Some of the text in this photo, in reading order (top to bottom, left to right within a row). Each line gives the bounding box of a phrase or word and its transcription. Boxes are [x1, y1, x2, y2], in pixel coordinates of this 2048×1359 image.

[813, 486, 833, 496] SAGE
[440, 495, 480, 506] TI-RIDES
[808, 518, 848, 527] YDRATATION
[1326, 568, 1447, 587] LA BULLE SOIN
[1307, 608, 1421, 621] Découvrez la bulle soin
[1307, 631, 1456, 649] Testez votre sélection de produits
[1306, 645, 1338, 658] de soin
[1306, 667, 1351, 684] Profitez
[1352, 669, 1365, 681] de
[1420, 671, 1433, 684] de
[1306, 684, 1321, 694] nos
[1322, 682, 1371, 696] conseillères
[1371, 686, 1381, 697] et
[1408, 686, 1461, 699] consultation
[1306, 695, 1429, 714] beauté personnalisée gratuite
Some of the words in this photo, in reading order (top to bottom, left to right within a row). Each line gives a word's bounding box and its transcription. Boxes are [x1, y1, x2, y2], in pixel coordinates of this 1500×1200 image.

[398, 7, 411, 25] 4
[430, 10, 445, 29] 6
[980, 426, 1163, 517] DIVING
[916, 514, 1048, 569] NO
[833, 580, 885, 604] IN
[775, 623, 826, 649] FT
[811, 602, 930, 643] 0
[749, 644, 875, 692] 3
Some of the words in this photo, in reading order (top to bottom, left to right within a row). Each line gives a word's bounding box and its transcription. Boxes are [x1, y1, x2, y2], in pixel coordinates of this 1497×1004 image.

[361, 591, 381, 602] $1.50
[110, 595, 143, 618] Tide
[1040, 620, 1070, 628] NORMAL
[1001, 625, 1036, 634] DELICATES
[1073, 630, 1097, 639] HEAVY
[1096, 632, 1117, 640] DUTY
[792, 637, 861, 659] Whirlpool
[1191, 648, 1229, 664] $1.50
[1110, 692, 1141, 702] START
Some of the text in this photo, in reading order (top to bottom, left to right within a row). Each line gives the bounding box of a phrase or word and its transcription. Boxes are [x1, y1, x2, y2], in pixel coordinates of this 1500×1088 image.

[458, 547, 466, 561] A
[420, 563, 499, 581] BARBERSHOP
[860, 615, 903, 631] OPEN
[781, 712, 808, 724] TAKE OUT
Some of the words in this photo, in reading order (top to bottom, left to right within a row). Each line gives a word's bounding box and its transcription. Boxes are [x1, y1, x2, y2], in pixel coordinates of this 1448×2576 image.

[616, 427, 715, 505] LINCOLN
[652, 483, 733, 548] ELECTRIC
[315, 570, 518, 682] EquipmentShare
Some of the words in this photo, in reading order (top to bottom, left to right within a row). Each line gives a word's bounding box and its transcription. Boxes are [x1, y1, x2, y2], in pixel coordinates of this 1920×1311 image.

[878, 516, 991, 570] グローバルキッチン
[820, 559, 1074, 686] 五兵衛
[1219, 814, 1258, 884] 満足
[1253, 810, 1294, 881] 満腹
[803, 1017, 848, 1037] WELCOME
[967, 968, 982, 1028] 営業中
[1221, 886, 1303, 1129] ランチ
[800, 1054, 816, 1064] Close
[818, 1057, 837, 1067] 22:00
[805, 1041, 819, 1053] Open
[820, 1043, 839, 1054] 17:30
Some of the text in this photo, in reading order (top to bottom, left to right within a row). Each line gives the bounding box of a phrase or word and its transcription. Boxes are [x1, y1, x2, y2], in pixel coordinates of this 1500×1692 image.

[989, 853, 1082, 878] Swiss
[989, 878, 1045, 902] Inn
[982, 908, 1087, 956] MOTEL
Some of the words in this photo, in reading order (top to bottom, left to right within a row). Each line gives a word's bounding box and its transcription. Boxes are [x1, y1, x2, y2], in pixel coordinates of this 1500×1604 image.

········

TASK ▸ Write the whole listing out again, exactly as it appears above.

RESPONSE AREA ▸
Some of the text in this photo, in reading order (top to bottom, left to right within a row). Each line gives the bounding box of a phrase or word and its transcription. Boxes are [x1, y1, x2, y2], in pixel coordinates of this 2048×1359 image.

[813, 486, 833, 496] SAGE
[440, 495, 480, 506] TI-RIDES
[808, 518, 848, 527] YDRATATION
[1326, 568, 1447, 587] LA BULLE SOIN
[1307, 608, 1421, 621] Découvrez la bulle soin
[1307, 631, 1456, 649] Testez votre sélection de produits
[1306, 645, 1338, 658] de soin
[1306, 667, 1351, 684] Profitez
[1352, 669, 1365, 681] de
[1420, 671, 1433, 684] de
[1306, 684, 1321, 694] nos
[1322, 682, 1371, 696] conseillères
[1371, 686, 1381, 697] et
[1408, 686, 1461, 699] consultation
[1306, 695, 1429, 714] beauté personnalisée gratuite
Some of the words in this photo, in reading order (top to bottom, left to right within a row). Each line gives a word's bounding box and its transcription. Boxes are [x1, y1, x2, y2], in pixel coordinates of this 1500×1200 image.

[398, 7, 411, 25] 4
[430, 10, 445, 29] 6
[980, 426, 1163, 517] DIVING
[916, 514, 1048, 569] NO
[833, 580, 885, 604] IN
[775, 623, 826, 649] FT
[811, 602, 930, 643] 0
[749, 644, 875, 692] 3
Some of the words in this photo, in reading order (top to bottom, left to right within a row). Each line gives a word's bounding box and its transcription. Boxes are [x1, y1, x2, y2], in pixel coordinates of this 1497×1004 image.

[361, 591, 381, 602] $1.50
[110, 595, 143, 618] Tide
[1040, 620, 1070, 628] NORMAL
[1001, 625, 1036, 634] DELICATES
[1073, 630, 1097, 639] HEAVY
[1096, 632, 1117, 640] DUTY
[792, 637, 861, 659] Whirlpool
[1191, 648, 1229, 664] $1.50
[1110, 692, 1141, 702] START
Some of the text in this photo, in reading order (top to bottom, left to right within a row). Each line gives the bounding box of a phrase or word and its transcription. Boxes are [x1, y1, x2, y2], in pixel coordinates of this 1500×1088 image.

[458, 547, 466, 561] A
[420, 563, 499, 581] BARBERSHOP
[860, 615, 903, 631] OPEN
[781, 712, 808, 724] TAKE OUT
Some of the words in this photo, in reading order (top to bottom, left to right within a row). Each line gives a word's bounding box and its transcription. Boxes are [x1, y1, x2, y2], in pixel coordinates of this 1448×2576 image.

[616, 427, 715, 505] LINCOLN
[652, 483, 733, 548] ELECTRIC
[315, 570, 518, 682] EquipmentShare
Some of the words in this photo, in reading order (top to bottom, left to right within a row). Each line gives a word's bounding box and its transcription. Boxes are [x1, y1, x2, y2], in pixel coordinates of this 1920×1311 image.

[878, 516, 991, 570] グローバルキッチン
[820, 559, 1074, 686] 五兵衛
[1219, 814, 1258, 884] 満足
[1253, 810, 1294, 881] 満腹
[803, 1017, 848, 1037] WELCOME
[967, 968, 982, 1028] 営業中
[1221, 886, 1303, 1129] ランチ
[800, 1054, 816, 1064] Close
[818, 1057, 837, 1067] 22:00
[805, 1041, 819, 1053] Open
[820, 1043, 839, 1054] 17:30
Some of the text in this photo, in reading order (top to bottom, left to right within a row). Each line gives the bounding box of a phrase or word and its transcription. Boxes are [x1, y1, x2, y2], in pixel coordinates of this 1500×1692 image.

[989, 853, 1082, 878] Swiss
[989, 878, 1045, 902] Inn
[982, 908, 1087, 956] MOTEL
Some of the words in this photo, in reading order (top to bottom, left to right within a row). Each line gives a word's bounding box and its transcription. Boxes are [x1, y1, x2, y2], in pixel coordinates of this 1500×1604 image.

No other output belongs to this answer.